Legionella pneumophila (L. pneumophila) can cause respiratory disease in humans when it infects water sources, posing a major challenge to public health and the environment. Herein, we further explore the potential application of CRISPR/Cas12a and develop CRISPR/Cas12a-drived fluorescent and colorimetry dual-mode biosensors for detection L. pneumophila. In this design, Amplified part not only realizes fast and convenient operation, but also avoids aerosol pollution. Bi2Fe4O9 NSs have excellent colorimetric performance and Bi2Fe4O9 NSscoated DNA hydrogel can serve as independent unit. Experimental results demonstrate that the limit of detection (LOD) for the fluorescent biosensor is 7.606 x 10-6 ng/mu L (3.8 copies/mu L) with 60 min, which is 10,000 times better than the industry standard (SN/T 2528 - 2010). While the colorimetry achieves a LOD is 7.606 x 10-3 ng/ mu L (3800 copies/mu L) with 100 min, which is 10 times better than the industry standard.

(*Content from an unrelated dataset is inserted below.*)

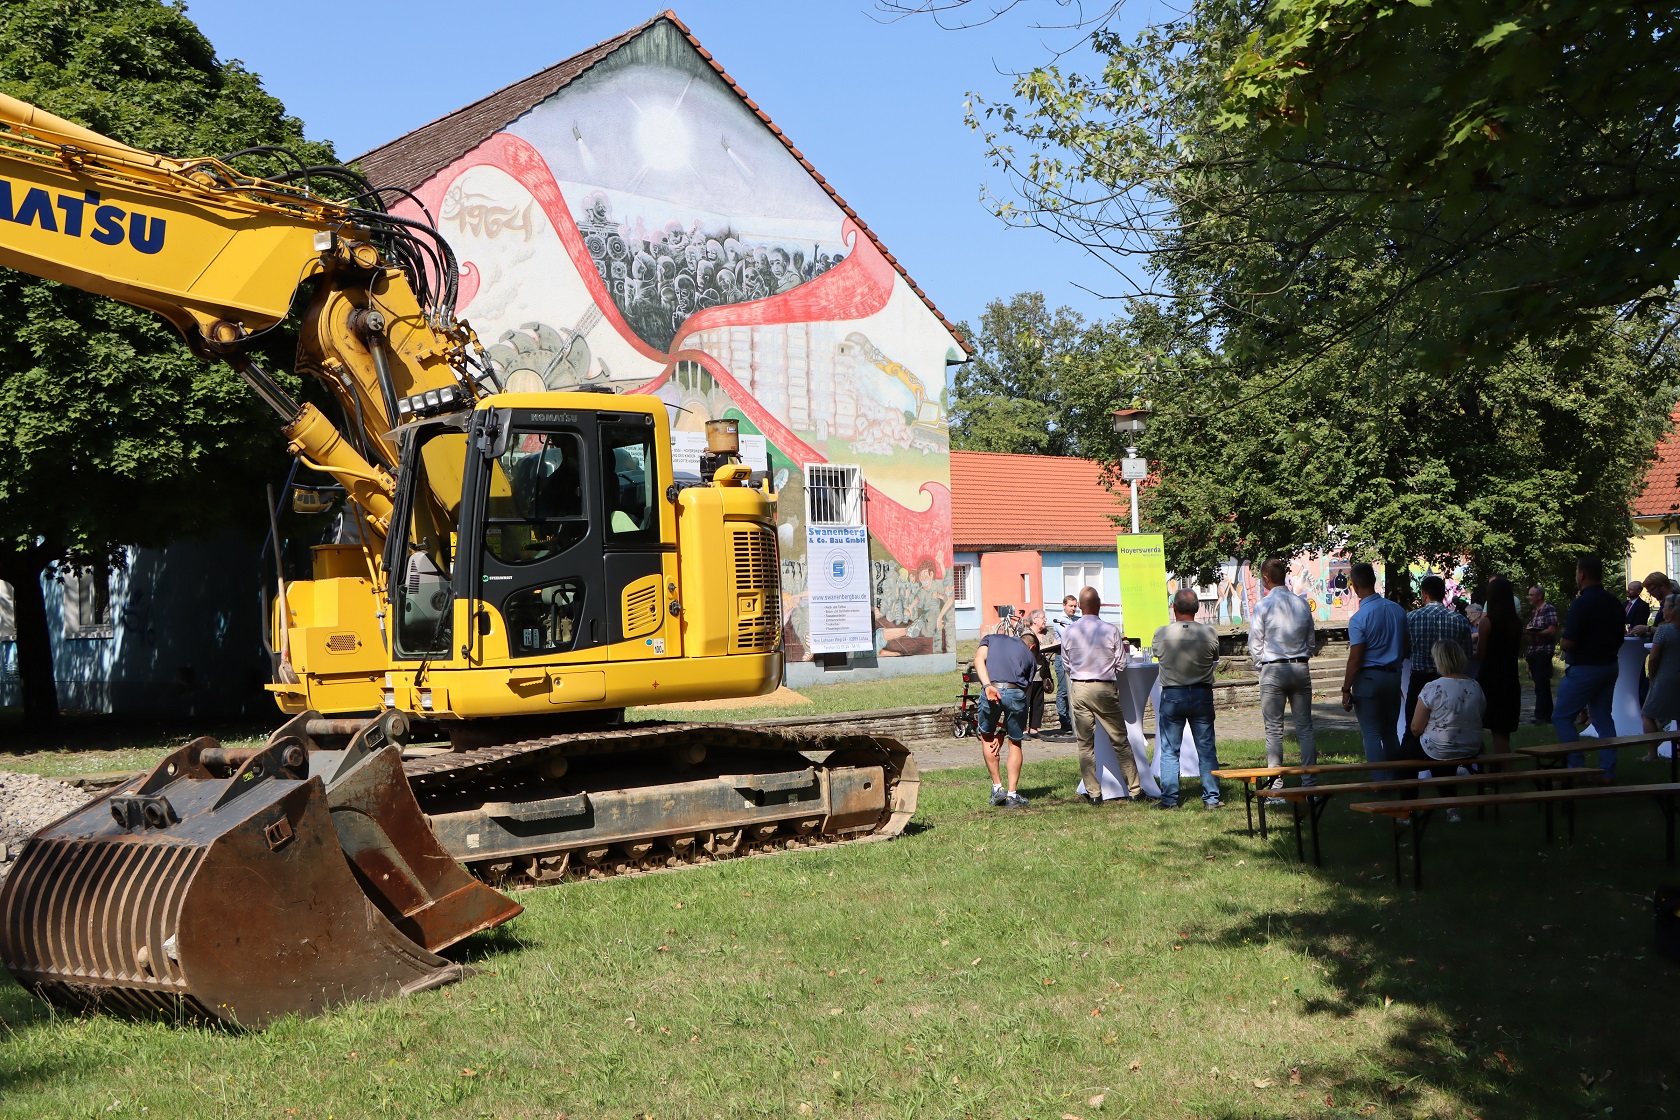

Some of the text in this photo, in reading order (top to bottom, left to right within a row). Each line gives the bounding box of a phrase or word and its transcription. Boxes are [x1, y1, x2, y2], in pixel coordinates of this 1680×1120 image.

In the actual sample test, the selectivity of the detection scheme is 100%, and the positive detection rate is higher than the industry standard 10.71%. We take the lead in integrating RPA and CRISPR/Cas12a for detecting L. pneumophila, which has been further broadened the detection strategy by incorporating colorimetric sensing. Moreover, this biosensor demonstrates excellent repeatability and strong universality, along with practical applicability for various water environment monitoring purposes.